My perfect moment showed itself in one of the darkest periods of my life, near the end of my brother's three year battle with leukemia. It was a time full of hospital visits and new medications and constant anxiety. I was tired of acting strong and offering fake smiles to well meaning neighbors. I didn't want to watch him slowly wither away before my very eyes. Probably the hardest part was always wondering how long I still had with my best friend in the world.That particaular night started out like any other during that time. I was curled up on the couch, reading a book, just a few weeks after my sixteenth birthday. The book wasn’t very interesting, but reading had become one of my only distractions. Any book I could get my hands on was good enough for me. I was working my way through a particularly long paragraph when I heard him sigh from across the room. It was clear that Kyle wanted my attention so I shifted my eyes to his face. He was staring back at me.
“Is it any good?” He gestured at the book in my lap.
I shrugged. “Not bad.” My eyes were back on the page.
“I’m bored.” He moaned like a five year old bored of his toys. I ignored him. “Hello? You’re dying brother over here is requesting your company and you don’t even care!” I smiled and watched him run his fingers through his short dark hair. That act was as natural to him as breathing, even without the think mop of hair he used to have. He flashed me his most charming smile. I couldn’t help but laugh at how bad an attempt it was on his gaunt, scrawny face.

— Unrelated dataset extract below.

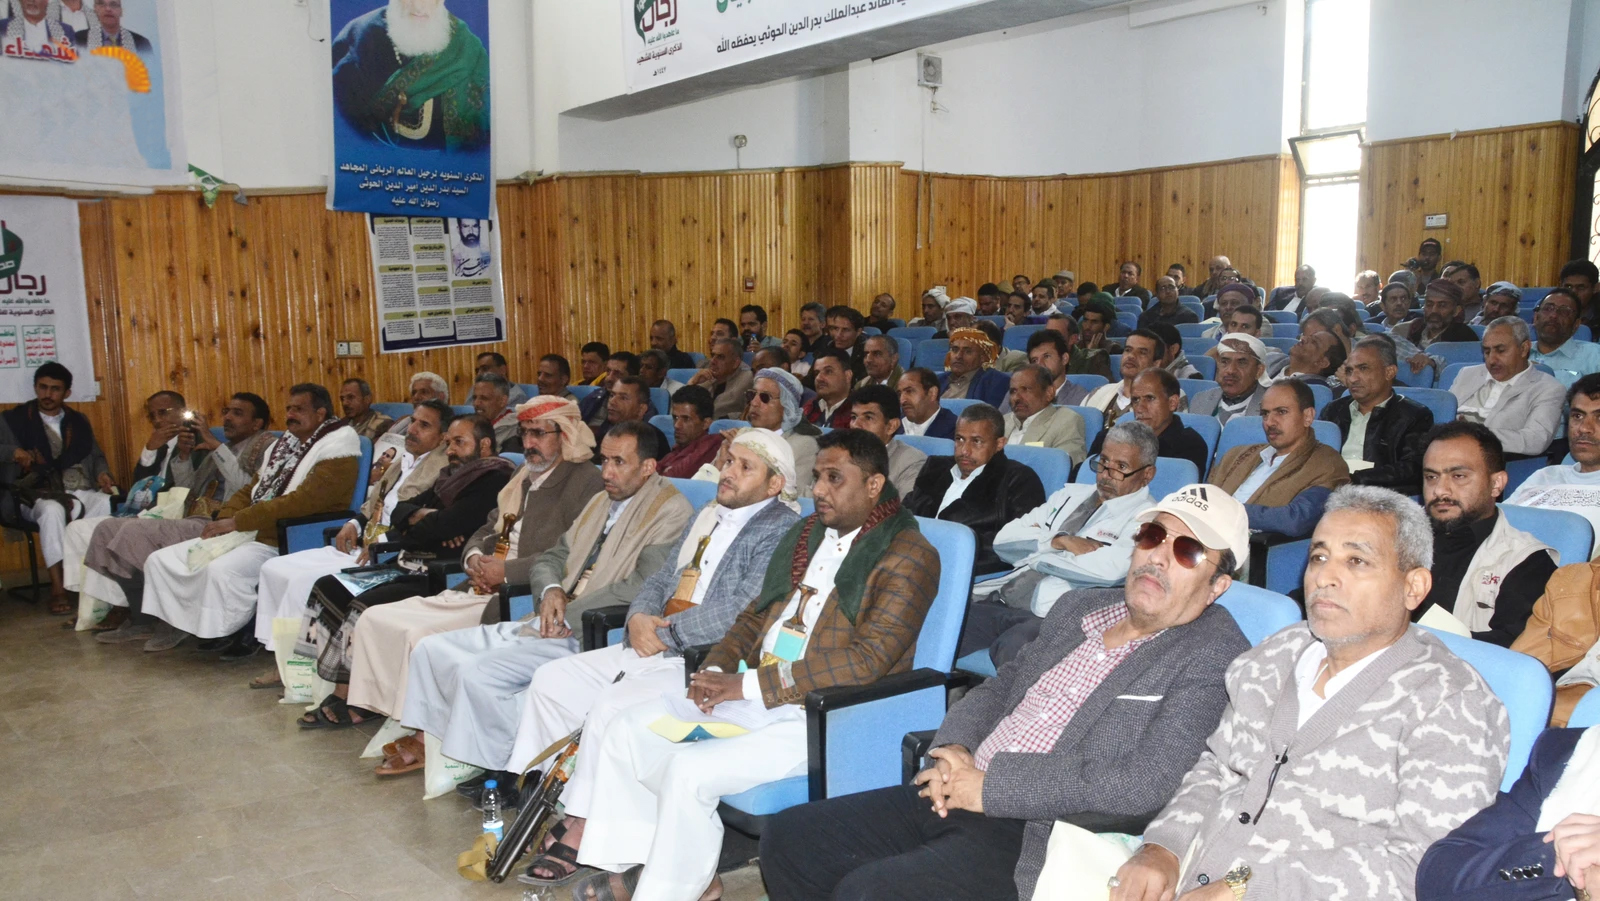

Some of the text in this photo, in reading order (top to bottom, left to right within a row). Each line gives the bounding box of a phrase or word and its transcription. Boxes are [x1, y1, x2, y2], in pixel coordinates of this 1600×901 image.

“Fine," I regretfully closed the book and set it on the sofa next to me. “What do you want to do?” I watched him as he tapped his chin with his finger for a few seconds.
“You know, Kris, I haven’t been on a good run in what? Three years? Pathetic! I need to get in shape for my next 5k which, by the way, is in exactly two months. We have some work to do. If you could just grab my wheelchair that would be great.”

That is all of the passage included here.